[Exercise aim]:
Nothing but the pictures should be left out when the entries below are duplicated.

[Dataset records]:
◆ ◆ ◆ ◆ ◆
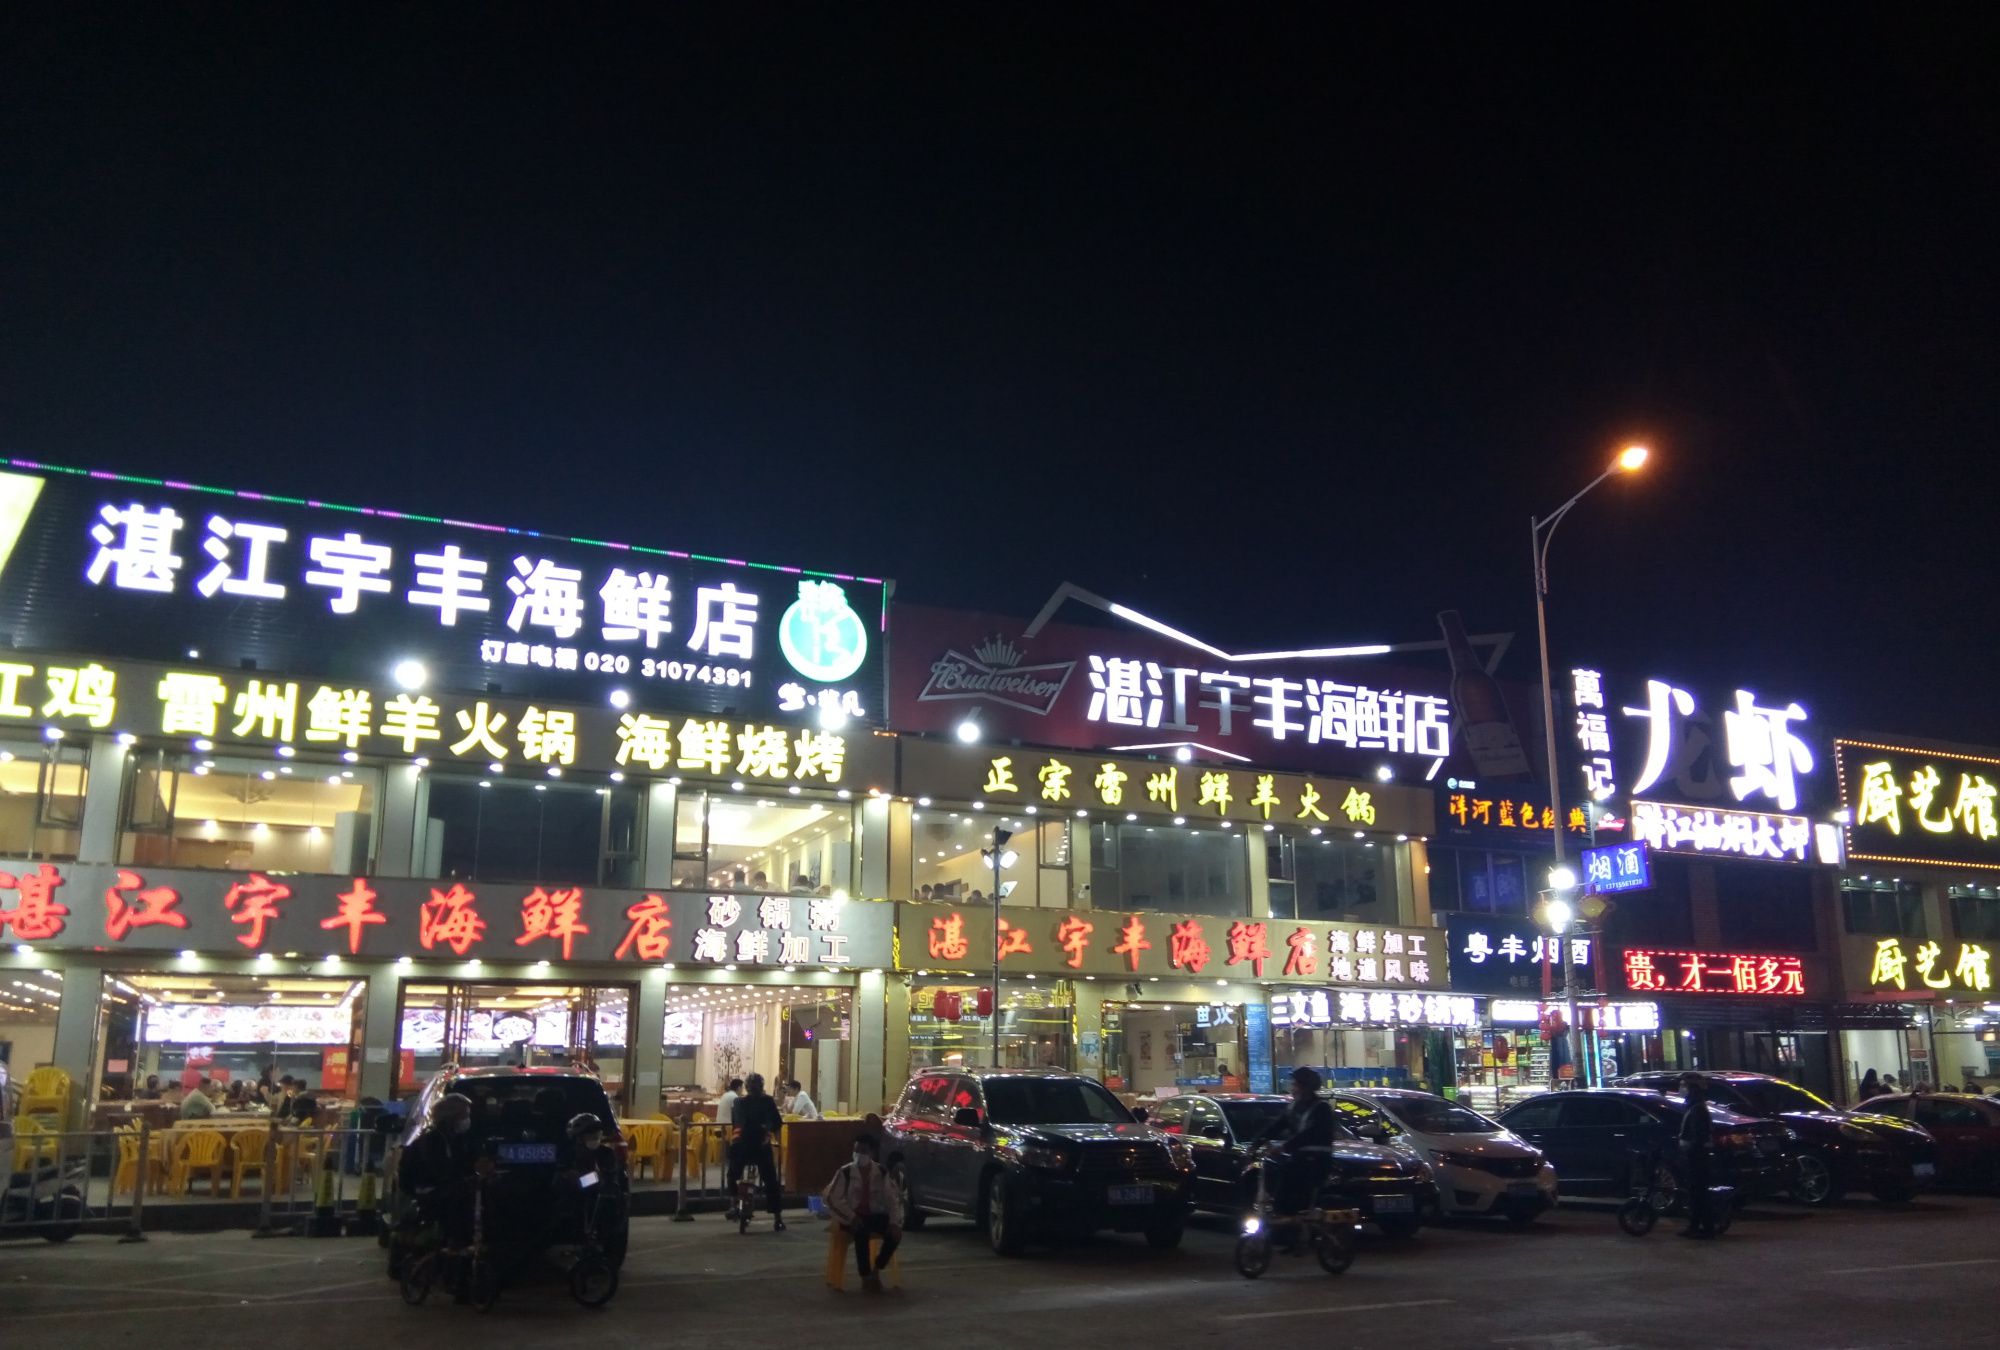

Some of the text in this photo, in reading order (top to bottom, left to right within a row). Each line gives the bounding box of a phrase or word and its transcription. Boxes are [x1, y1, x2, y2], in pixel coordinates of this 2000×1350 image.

[88, 505, 758, 659] 湛江宇丰海鲜店
[585, 653, 630, 674] 020
[641, 658, 751, 688] 31074391
[931, 662, 1060, 697] Budweiser
[158, 672, 576, 765] 雷州鲜羊火锅
[615, 711, 847, 782] 海鲜烧烤
[1087, 655, 1450, 758] 湛江宇丰海鲜店
[983, 757, 1376, 826] 正宗雷州鲜羊火锅
[1858, 762, 1999, 840] 厨艺馆
[1588, 847, 1640, 882] 烟酒
[0, 864, 672, 960] 湛江宇丰海鲜店
[708, 894, 841, 931] 砂锅粥
[694, 927, 851, 964] 海鲜加工
[929, 912, 1318, 976] 湛江宇丰海鲜店
[1330, 929, 1428, 956] 海鲜加工
[1871, 938, 1991, 992] 厨艺馆
[1330, 957, 1430, 983] 地道风味
[1270, 990, 1332, 1025] 三文鱼
◆ ◆ ◆ ◆ ◆
[Result]:
Some of the text in this photo, in reading order (top to bottom, left to right within a row). Each line gives the bounding box of a phrase or word and its transcription. Boxes are [x1, y1, x2, y2], in pixel coordinates of this 2000×1350 image.

[88, 505, 758, 659] 湛江宇丰海鲜店
[585, 653, 630, 674] 020
[641, 658, 751, 688] 31074391
[931, 662, 1060, 697] Budweiser
[158, 672, 576, 765] 雷州鲜羊火锅
[615, 711, 847, 782] 海鲜烧烤
[1087, 655, 1450, 758] 湛江宇丰海鲜店
[983, 757, 1376, 826] 正宗雷州鲜羊火锅
[1858, 762, 1999, 840] 厨艺馆
[1588, 847, 1640, 882] 烟酒
[0, 864, 672, 960] 湛江宇丰海鲜店
[708, 894, 841, 931] 砂锅粥
[694, 927, 851, 964] 海鲜加工
[929, 912, 1318, 976] 湛江宇丰海鲜店
[1330, 929, 1428, 956] 海鲜加工
[1871, 938, 1991, 992] 厨艺馆
[1330, 957, 1430, 983] 地道风味
[1270, 990, 1332, 1025] 三文鱼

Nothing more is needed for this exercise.